I have all the EMI stuff up until the Violin Concerto/_Teviot_ recording. I remember a performance of the vc on tv at the proms (can't recall either the year or the soloist but it was conducted by TA himself, I think) but have heard nothing since. I do enjoy the early music and for what it's worth I consider the _Five Eliot Landscapes_ as one of the most assured op.1s I've heard.

For those who have heard TA's later music as well as the early I ask if they can discern some kind of evolution in his work now that he has been on the scene for 30+ years.


----------



## Red Terror (Dec 10, 2018)

Mandryka said:


> I haven't kept up with opera, I've stopped going partly because I've lost interest in the genre, and very little by new composers is on video (for me it's really important to see a production.) What I would say is that, from the generation before Ades, Wolfgang Rihm is pretty good at opera and indeed vocal music generally. There's a DVD of his Jakob Lenz which you may enjoy if you can find it.
> 
> The last things I saw were both by Birtwistle -- the Mask of Orpheus and The Last Supper - but I don't think there's a way to access them and I certainly wouldn't get much from a sound recording.
> 
> ...


Yes. I've yet to finish the entire cycle. Of all composers, ol' Stocky still baffles me at times.


----------



## jegreenwood (Dec 25, 2015)

Knorf said:


> Adès is a wonderful composer, bursting with creativity and craft. He's one of the few living composers where I always seek out anything of his being performed.
> 
> His _The Exterminating Angel_ is one of the most incredible experiences I've ever had in opera. Unforgettable, deeply profound, simply extraordinary.


I don't follow contemporary opera generally, but the Met production of _The Exterminating An_ was very well received, so I watched it when it was broadcast on TV. Liked it a lot.


----------



## allaroundmusicenthusiast (Jun 3, 2020)

Knorf said:


> I stand by _The Exterminating Angel_ as one of the absolutely most astounding achievements in opera since 1950. I'd rank it without hesitation alongside the likes of _Le Grande Macabre_, _Die Eroberung von Mexico_, _The Mask of Orpheus_, or _Un rei in ascolto_.


Le Grand Macabre, Die Eroberung von Mexico and The Mask of Orpheus are some of my favourite operas. Therefore, I must listen to The Exterminating Angel. I love Berio but I haven't gotten around to Un re yet, don't know why. Maybe because it's not on spotify.


----------



## Mandryka (Feb 22, 2013)

allaroundmusicenthusiast said:


> Le Grand Macabre, Die Eroberung von Mexico and The Mask of Orpheus are some of my favourite operas. Therefore, I must listen to The Exterminating Angel. I love Berio but I haven't gotten around to Un re yet, don't know why. Maybe because it's not on spotify.

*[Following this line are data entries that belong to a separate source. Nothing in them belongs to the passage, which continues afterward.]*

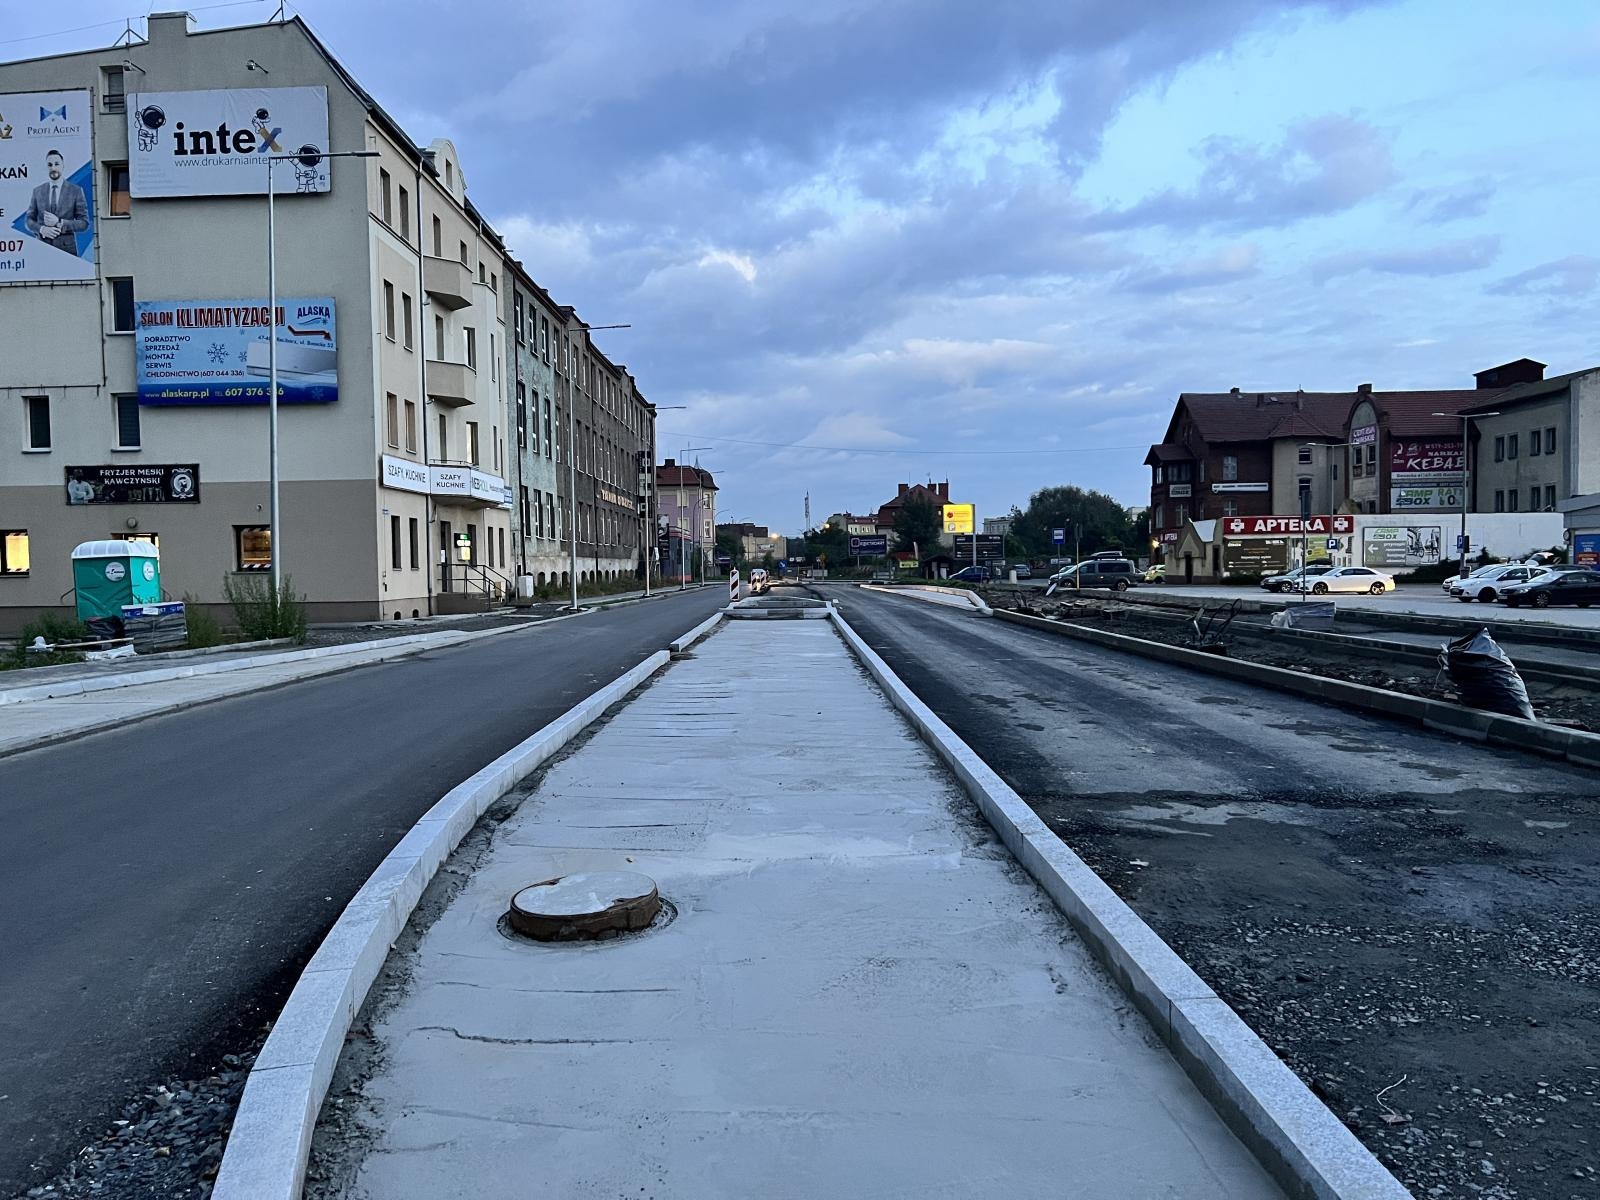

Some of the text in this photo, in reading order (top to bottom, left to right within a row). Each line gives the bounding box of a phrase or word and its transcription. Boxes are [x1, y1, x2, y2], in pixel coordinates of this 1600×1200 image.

[53, 125, 80, 134] AGENT
[174, 121, 283, 156] intex
[174, 155, 284, 168] www.drukarniainte.pl
[297, 306, 330, 319] ALASKA
[141, 306, 285, 329] SALON KLIMATYZACJI
[144, 335, 191, 343] DORADZTWO
[145, 343, 180, 352] SPRZEDAŻ
[145, 352, 175, 360] MONTAŻ
[224, 388, 243, 397] 607
[246, 388, 264, 396] 376
[266, 387, 284, 396] 36
[1407, 456, 1464, 470] KEBAB
[100, 469, 136, 477] FRYZJER
[436, 481, 466, 489] KUCHNIE
[1254, 518, 1325, 532] APTEKA
[1328, 540, 1336, 548] P
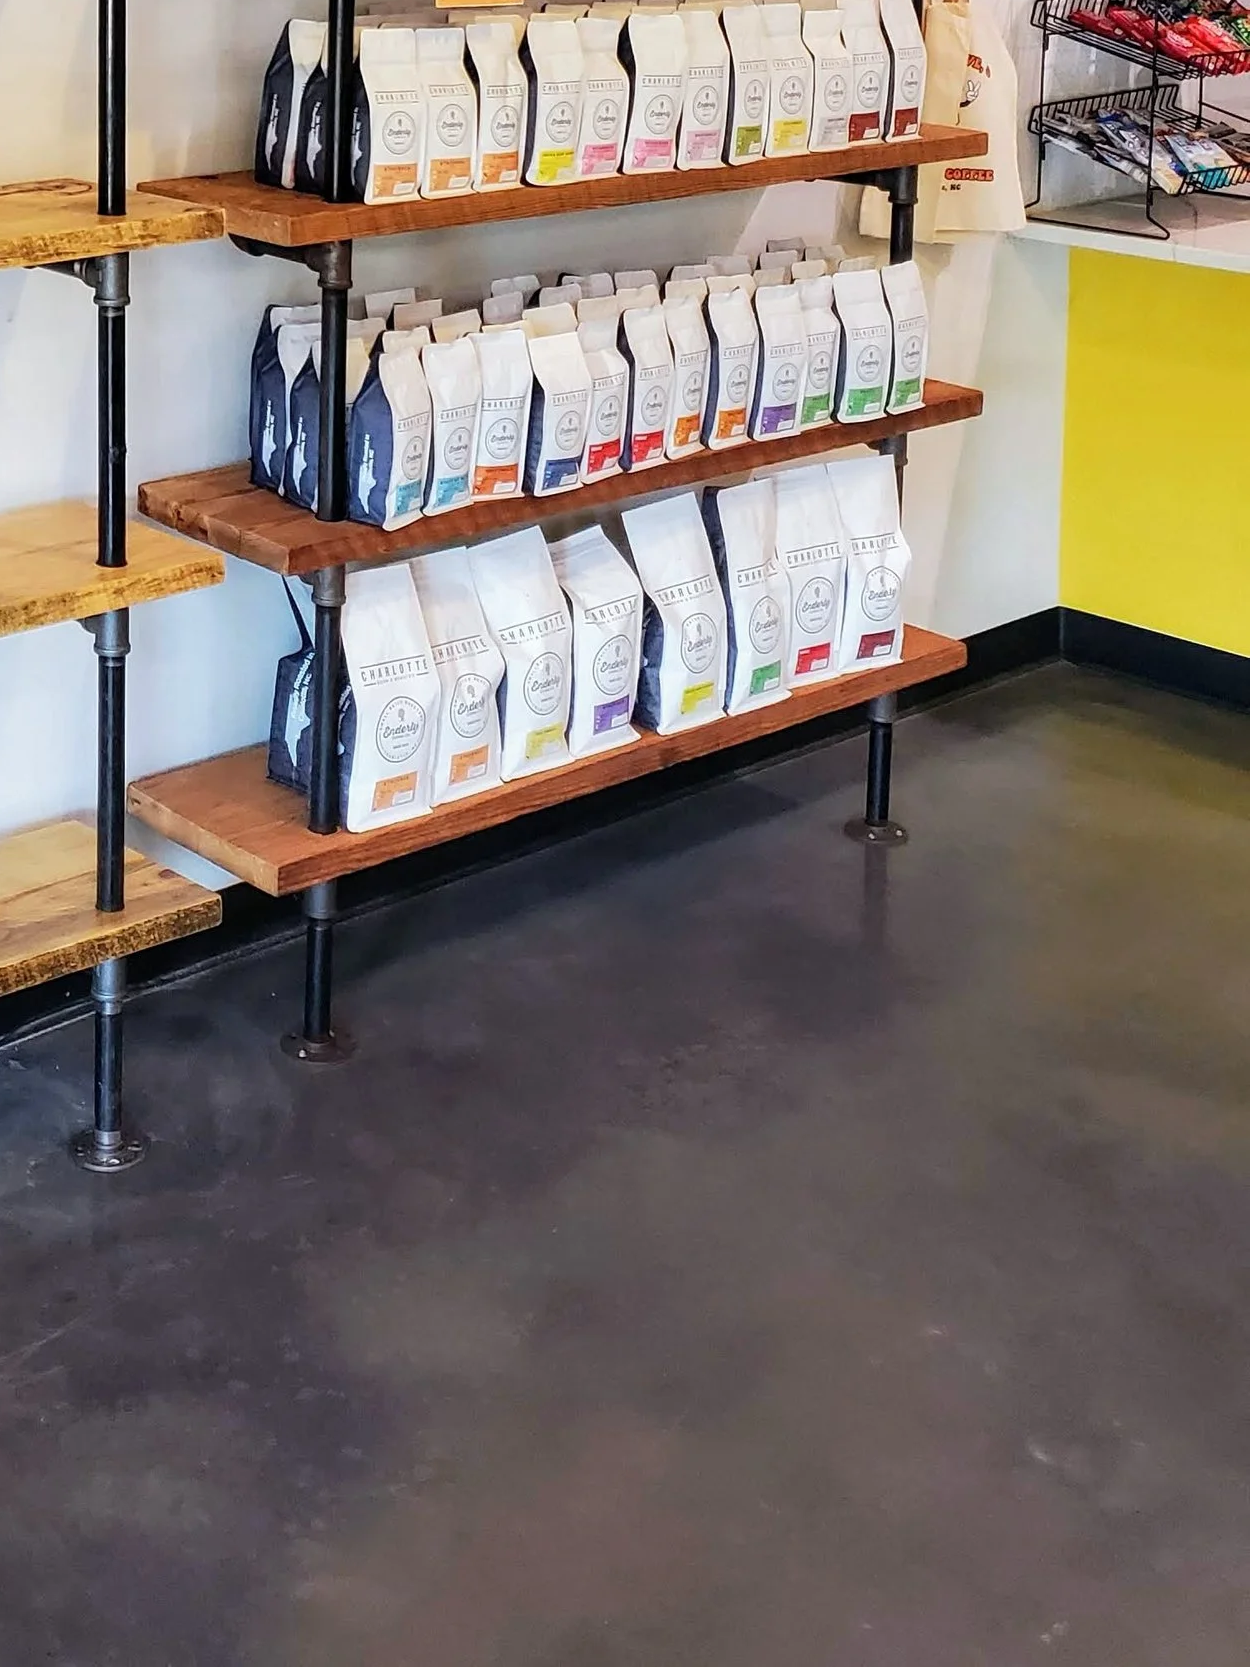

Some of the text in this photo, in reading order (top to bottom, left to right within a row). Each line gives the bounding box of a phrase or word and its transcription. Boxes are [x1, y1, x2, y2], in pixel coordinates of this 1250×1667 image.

[944, 168, 994, 182] COFFEE
[787, 544, 841, 566] CHARLOTTE
[500, 615, 566, 642] CHARLOTTE
[360, 658, 429, 682] CHARLOTTE
[383, 721, 419, 739] Enderly

I can let you have a sound recording of The Exterminating Angel if you PM me.


----------



## JackRance (Sep 13, 2021)

Knorf said:


> There really aren't. Adès is one of the very best, and one of the most interesting.


Sorry Red Terror, but I believe in you, Knorf... I'm convinced I will buy the tickets for The Tempest


----------



## JackRance (Sep 13, 2021)

Knorf said:


> Gee, thanks.
> 
> ETA: I stand by _The Exterminating Angel_ as one of the absolutely most astounding achievements in opera since 1950. I'd rank it without hesitation alongside the likes of _Le Grande Macabre_, _Die Eroberung von Mexico_, _The Mask of Orpheus_, or _Un rei in ascolto_.


Is exactly what I wanted to know. If "The exterminating Angel" is at the same level of "Le Grand Macabre", I'm satisfied.


----------



## JackRance (Sep 13, 2021)

But how many of you thinks that Adès is at the same level to others composers like Ligeti, Stockhausen, Messiaen, Britten, etc.?


----------



## allaroundmusicenthusiast (Jun 3, 2020)

JackRance said:


> But how many of you thinks that Adès is at the same level to others composers like Ligeti, Stockhausen, Messiaen, Britten, etc.?


Not me, those are top shelf composers who changed music, Adès is not quite up there (yet, perhaps, he's still relatively young, maybe he can reach Britten's levels of greatness, but the other 3 are not within his reach, IMO)


----------



## Knorf (Jan 16, 2020)

JackRance said:


> Sorry Red Terror, but I believe in you, Knorf... I'm convinced I will buy the tickets for The Tempest


Enjoy! Please post here again afterwards with your thoughts, if you would.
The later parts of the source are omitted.